The first thing they did was hire a Swedish engineer who had somehow come up with a way to keep menacing seagulls off their runways. They figured that same engineer could fix their raven problem. They also hired an ornithologist from the University of Alabama who was an expert in raven behaviour. Since the Swede had limited English, they had to hire an interpreter, who was a vegetarian. Back then, Inuvik was not known for its fresh vegetables. They had to put in a special order with a greenhouse in Edmonton, which shipped everything up a cost of a buck a pound.

It was mid-January and the ornithologist from Alabama got frostbite the first morning out. They reconvened to design and build a specially heated hut with a bubbled roof that was ordered from France. Two weeks later, they finally got settled and ready for work.

What they knew was that the ravens, when standing on the transformer, were standing on both the negative and positive posts at the same time. This resulted in the short that knocked out the power and fried the raven. The ornithologist suggested tranquilizing every raven in Inuvik so the birds could be outfitted with special booties make of a non-conductive material designed by NASA for the space shuttle. It took them a day and a half of arguing to realize that there was no way in hell they would have the time or resources to carry out such a task.

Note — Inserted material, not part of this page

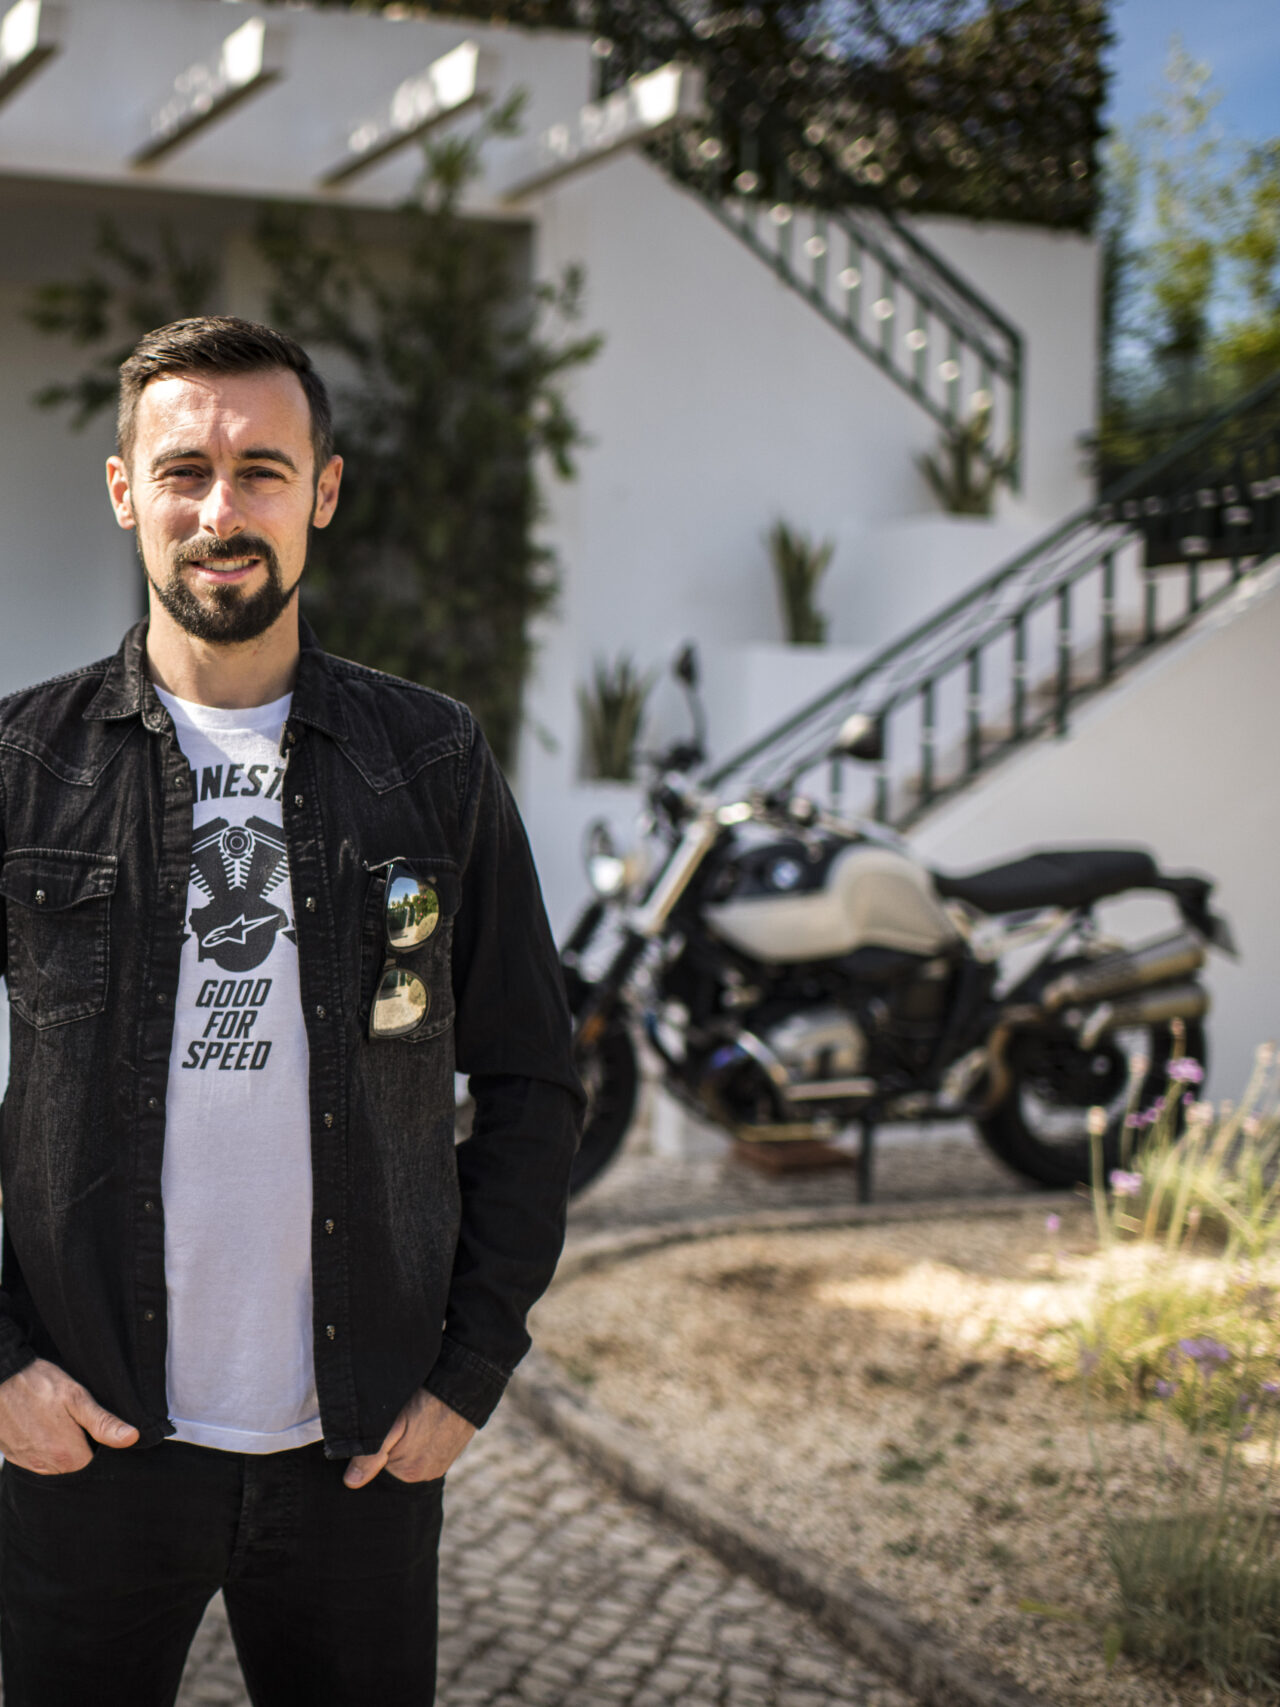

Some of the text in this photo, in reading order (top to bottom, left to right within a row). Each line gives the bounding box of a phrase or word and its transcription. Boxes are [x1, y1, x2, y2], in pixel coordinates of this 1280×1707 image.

[191, 763, 285, 803] NEST
[195, 978, 272, 1008] GOOD
[202, 1010, 258, 1039] FOR
[182, 1041, 272, 1070] SPEED

The Swede had another suggestion, which was to bait the ravens into landing in a warm tar-like substance. When it hardened into rubber, it would coat the feet of the ravens, thus cancelling any electric pulse naturally occurring within the raven. They studied that proposal over four more days, finally concluding that they would actually be breaking a law that prohibited the handling of wild game.

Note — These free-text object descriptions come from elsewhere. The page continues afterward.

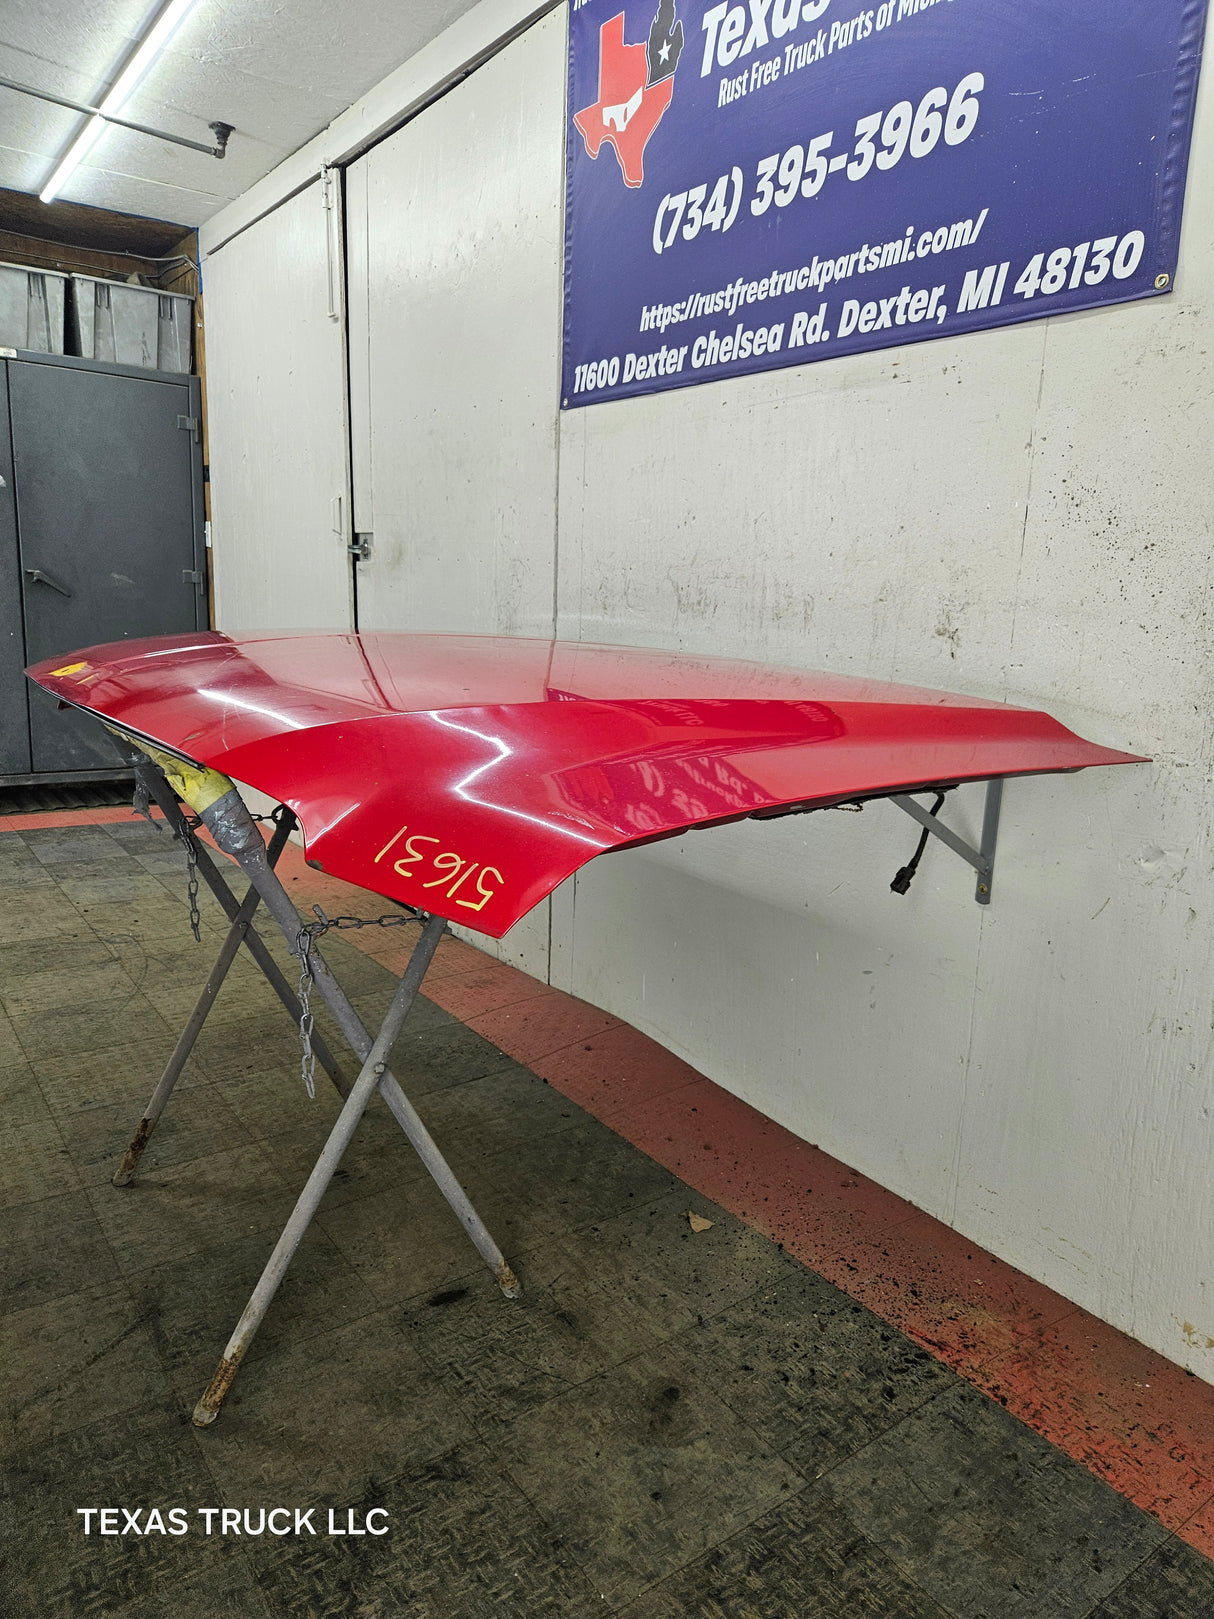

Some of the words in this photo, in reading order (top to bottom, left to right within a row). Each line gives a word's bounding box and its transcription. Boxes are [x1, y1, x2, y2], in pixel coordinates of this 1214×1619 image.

[717, 69, 749, 108] Rust
[750, 56, 782, 93] Free
[783, 28, 828, 76] Truck
[828, 9, 875, 55] Parts
[875, 0, 897, 32] of
[652, 166, 744, 255] (734)
[750, 71, 985, 216] 395-3966
[573, 356, 620, 394] 11600
[622, 345, 689, 384] Dexter
[691, 322, 785, 369] Chelsea
[787, 302, 830, 349] Rd.
[836, 284, 947, 338] Dexter,
[956, 261, 1011, 313] MI
[1013, 230, 1145, 299] 48130
[639, 207, 990, 334] https://rustfreetruckpartsmi.com/
[374, 825, 505, 912] 51631

At this point, the town was going broke trying to keep this operation from failing. They’d burned up the budgeted funds and were now siphoning from the snow removal fund. As fate would have it, it snowed the next day and the day after and the day after that, leaving more than a foot-and-a-half of snow on the street. Motorists were stranded from one end of town to the other. They enacted an emergency measures act and borrowed a quarter of their budget against projected property taxes for the next year, relieving the good folks of Inuvik of their plugged roadways.

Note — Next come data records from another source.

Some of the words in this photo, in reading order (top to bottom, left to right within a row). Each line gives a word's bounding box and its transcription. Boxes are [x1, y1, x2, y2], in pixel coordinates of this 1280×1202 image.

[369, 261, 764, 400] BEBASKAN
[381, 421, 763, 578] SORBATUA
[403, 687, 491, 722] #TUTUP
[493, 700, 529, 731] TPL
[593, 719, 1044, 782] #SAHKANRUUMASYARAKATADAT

During the time it took to enact the emergency measures act and get the cash flowing again, the greenhouse in Edmonton quit sending vegetables up because of unpaid bills and the Swedish interpreter got a bad case of scurvy and was hospitalized for a week.

During the winter in Inuvik, the sun does not come above the horizon for six weeks, leaving the town with little more than a sprinkling of twilight before plunging it into total darkness for more than twenty hours a day. The ornithologist developed the first confirmed case of Sun Deprivation Syndrome and was found walking nude through the local watering hole wearing nothing but large winter boots and a skidoo helmet. He was expeditiously removed from town and remains, to this day, in a mental institution in Mobile, Alabama.

The mayor called an emergency council meeting to deal with the ever-escalating crisis. It was decided that they would abort the operation before the good residents of Inuvik strung them up over the whole debacle. To make matters worse, the town councillors declared a vote of non-confidence and began the process of overthrowing the mayor and senior administrative officer, both of whom they blamed for the entire fiasco. Just as they were about to make a motion as such, there was a great sparking from the power pole transformer directly in front of the town office. This knocked the power out and left them in total darkness. Here, fate reared its ugly head once again, when a dead raven fell onto the hood of the taxi cab that was taking the Swedish engineer to the airport. He ran from the taxi cab, pulling at his hair and screaming blue murder in Swedish. He missed his plane and spent the next two weeks dead drunk. They adjourned the meeting until the following week, but the topic was never brought up again.